CSC/ECE 517 Spring 2015/ch1a 7 SA
Amazon Simple Storage Service (Amazon S3) is a remote, scalable, secure, and cost efficient storage space service provided by Amazon. Users are able to access their storage on Amazon S3 from the web via REST [1] HTTP [2], or SOAP [3] making their data accessible from virtually anywhere in the world.
Amazon S3 launched in March of 2006 in the United States [4] and in Europe in November of 2007 [5]. Since its inception, Amazon S3 has reported tremendous growth.
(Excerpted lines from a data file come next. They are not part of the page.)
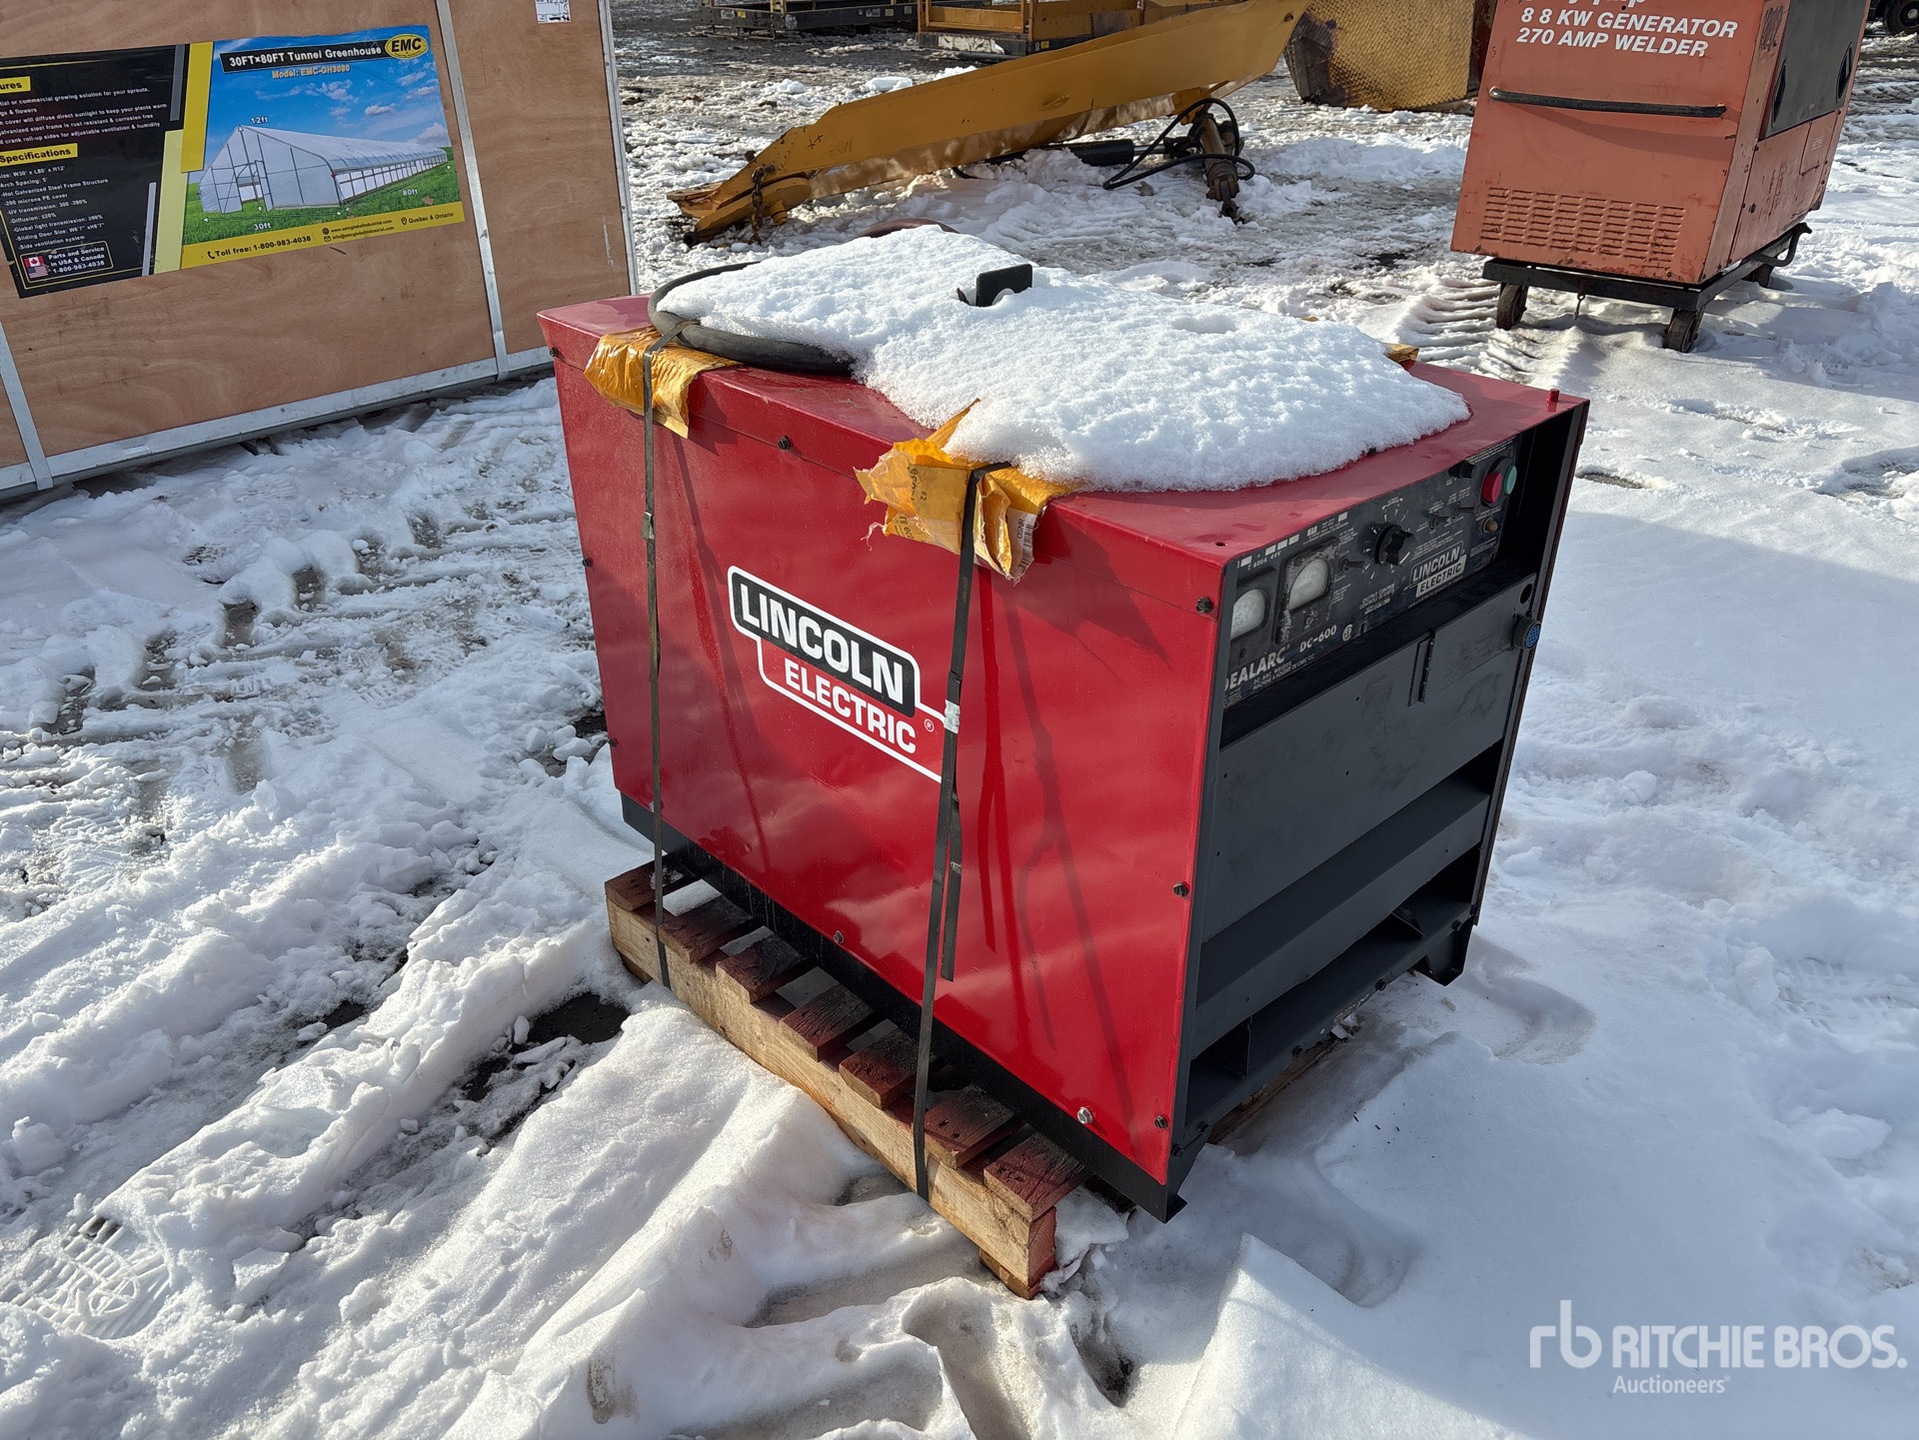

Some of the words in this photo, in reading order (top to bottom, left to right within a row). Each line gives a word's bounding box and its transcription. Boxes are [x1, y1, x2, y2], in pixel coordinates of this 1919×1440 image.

[1556, 9, 1594, 27] KW
[1597, 11, 1739, 39] GENERATOR
[391, 37, 422, 53] EMC
[1516, 27, 1555, 46] 270
[1557, 30, 1609, 49] AMP
[1614, 33, 1709, 57] WELDER
[287, 49, 322, 62] Tunnel
[325, 46, 382, 58] Greenhouse
[271, 68, 299, 79] Model:
[19, 96, 54, 104] commercial
[54, 94, 78, 102] growing
[30, 124, 45, 132] steel
[83, 118, 109, 126] resistant
[101, 125, 131, 133] ventilation
[0, 149, 71, 163] Specifications
[15, 186, 47, 196] Galvanized
[82, 178, 108, 186] Structure
[402, 188, 419, 197] 80ft
[408, 214, 429, 224] Quebec
[434, 211, 455, 220] Ontario
[253, 222, 271, 231] 30ft
[65, 235, 86, 243] system
[214, 248, 231, 257] Toll
[233, 246, 252, 255] free:
[253, 235, 312, 251] 1-800-983-4038
[48, 252, 66, 260] Parts
[67, 249, 80, 257] and
[80, 246, 105, 255] Service
[59, 257, 73, 266] USA
[80, 253, 105, 262] Canada
[53, 260, 105, 274] 1-800-983-4038
[1412, 546, 1461, 582] LINCOLN
[1420, 563, 1462, 593] ELECTRIC
[740, 583, 905, 706] LINCOLN
[1300, 624, 1337, 653] DC-600
[784, 657, 917, 755] ELECTRIC
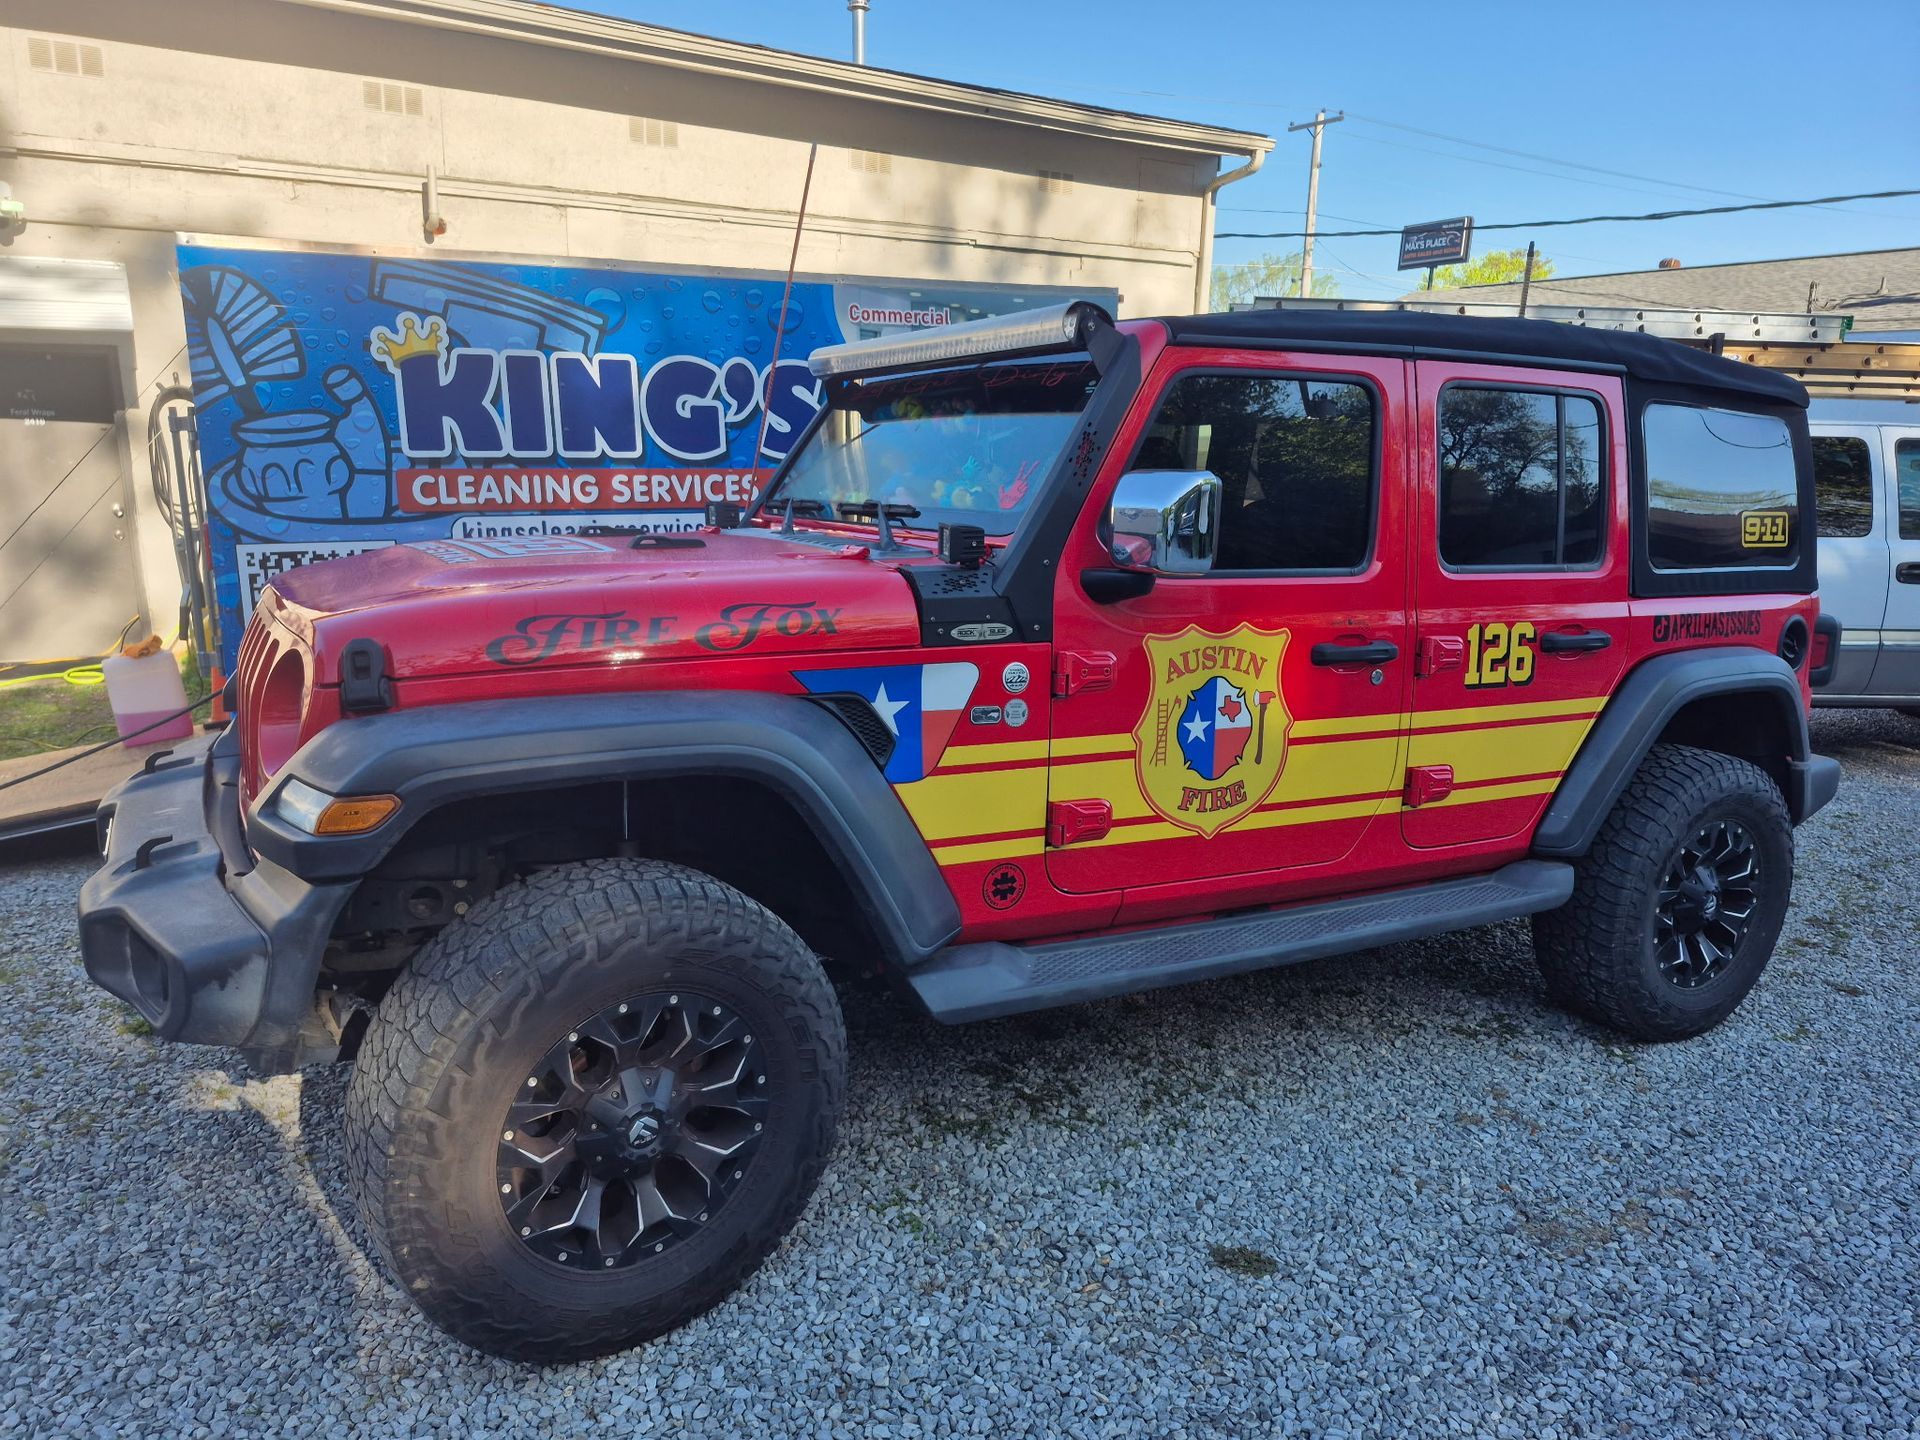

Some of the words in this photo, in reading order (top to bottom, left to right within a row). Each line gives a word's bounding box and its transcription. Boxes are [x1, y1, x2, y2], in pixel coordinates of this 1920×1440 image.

Beginning in July of 2006, S3 hosted 800 million objects [6]; April of 2007, 5 billion objects [7]; October of 2007, 10 billion[8]; Jan 2008, 14 billion [9]; October 2008, 29 billion [10]; March 2009, 52 billion [11]; August 2009, 64 billion [12]. In April of 2013, S3 now hosts more than 2 trillion objects and on average 1.1 million requests every second! [13].
Background
Design
S3 is an example of an object storage unlike a traditional hierarchical file system. S3 exposes a simple feature set to improve robustness. [14]
Objects
Objects are the basic units of storage in Amazon S3. Each object is composed of object data and metadata. S3 supports a size of up to 5 Terabytes per object. Each object has a metadata part that is used to identify the object. Metadata is a set of name-value pairs that describe the object like date modified. Custom data about the object can be stored in metadata by the user. Every object is identified by a user defined key and is versioned by default.
Buckets
A bucket is a container for objects and every object must be part of a bucket. Buckets Buckets can be configured to be hosted in a particular region (US, EU, Asia Pacific etc.) in order to optimize latency. S3 limits the number of buckets per account to 100.